Sassassul Quetzacoatl Quetzcalcot Quetzcalcoatl Quetzalcoatl (acertei na quarta tentativa, quantas você precisa para conseguir escrever Quetz… para escrever o nome dela corretamente??), enfim, a garota cobra finalmente foi apresentada!

E ela não é uma cobra. Digo, lógico, cobras não andam e falam, mas o ponto é que o povo cobra sequer evoluiu a partir de cobras. Estranho, né?? Estranho, mas não é diferente do que já aconteceu (e temo que ainda aconteça) no mundo real.

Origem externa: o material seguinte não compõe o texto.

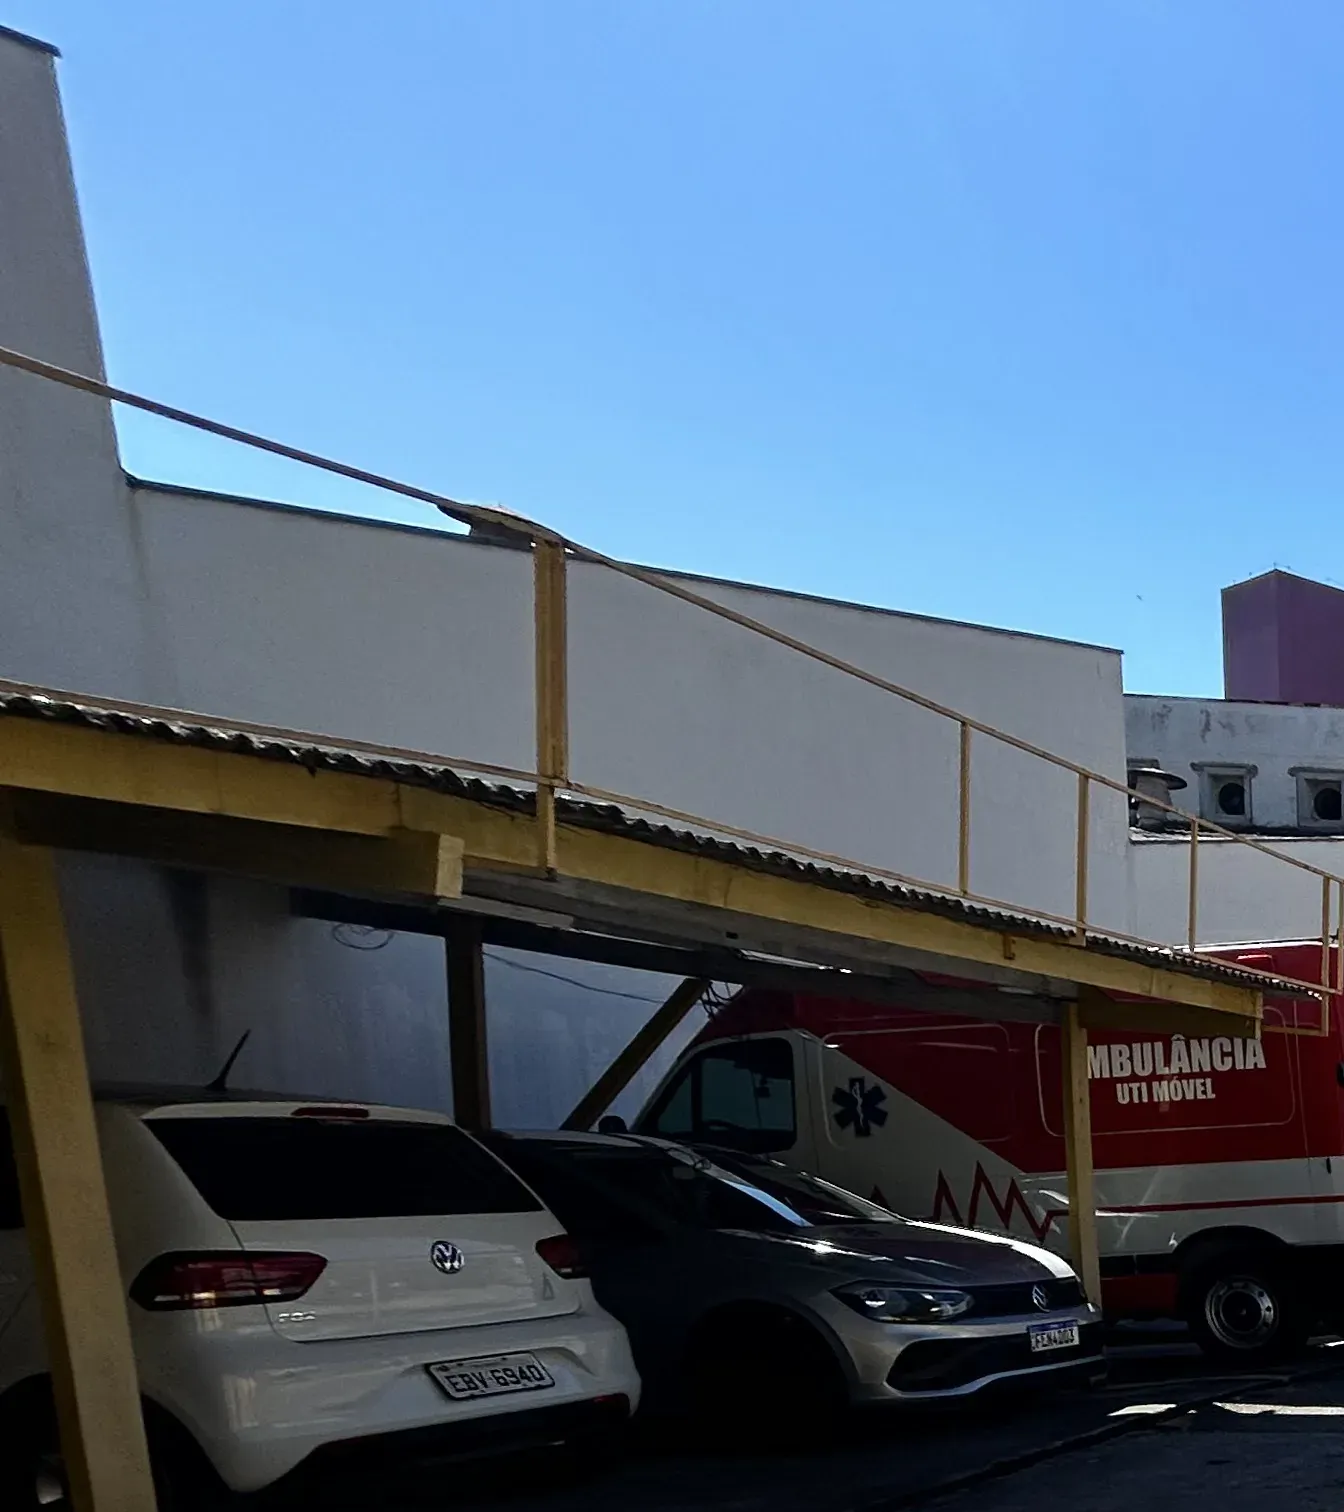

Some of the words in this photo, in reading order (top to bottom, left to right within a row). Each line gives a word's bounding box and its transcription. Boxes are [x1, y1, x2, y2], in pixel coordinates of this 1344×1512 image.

Anjos, demônios, pessoas-bichinho, centauros e sereias são todos “humanos” nesse mundo, pertencem a mesma espécie ainda que tenham diferenças físicas tão grandes. Em algum momento todos evoluíram a partir do mesmo ancestral mamífero. Os antárticos, por outro lado, são uma outra espécie. Evoluíram a partir de lagartos de sangue quente, assim como as aves. Estão bem longe das cobras, biologicamente falando. Mas todos acham que eles são cobras. Assim como no mundo real etnias e povos inteiros foram tratados como animais – e até mesmo se chegou a acreditar que fossem mesmo uma espécie diferente. Bom, em Centaur no Nayami pelo menos estão certos sobre antárticos serem uma espécie diferente. E errados sobre quase todo o resto.

A Hime realmente tem medo de antárticos, assim como cavalos tem medo de cobras, mas no anime o motivo é completamente diferente. Ela morre de pavor do povo cobra porque tem pais que se divertem fazendo a própria filha, então criança, assistir um filme de horror violento no qual, além de tudo, a vítima era uma centaura. O primeiro trauma da vida a gente nunca esquece. Bom, há adultos que efetivamente mostram filmes de horror para crianças, inclusive para os próprios filhos, então nada de novo até aí. O que pode parecer um pouco estranho é outra coisa: como em um país com leis anti-discriminação tão duras um filme desses é permitido? Estando presente até mesmo na estante de um clube escolar? Quando eu assisti o episódio achei um pouco estranho. Mas depois entendi.

Ele não estava sorrindo

Antárticos não são nativos do Japão. As leis anti-discriminação foram escritas pensando especialmente nos japoneses. Claro que quando aplicável elas servem para estrangeiros também, mas o caso dos antárticos é muito especial porque eles viviam isolados do resto do mundo até bem pouco tempo atrás. E para não dizer que o governo deixa passar qualquer coisa, livros conspiracionistas, material de caráter político meramente racista contra os antárticos foi, de fato, proibido. Suponho que a proibição tenha sido recente, para adolescentes acima de qualquer suspeita ainda saberem sobre a existência deles.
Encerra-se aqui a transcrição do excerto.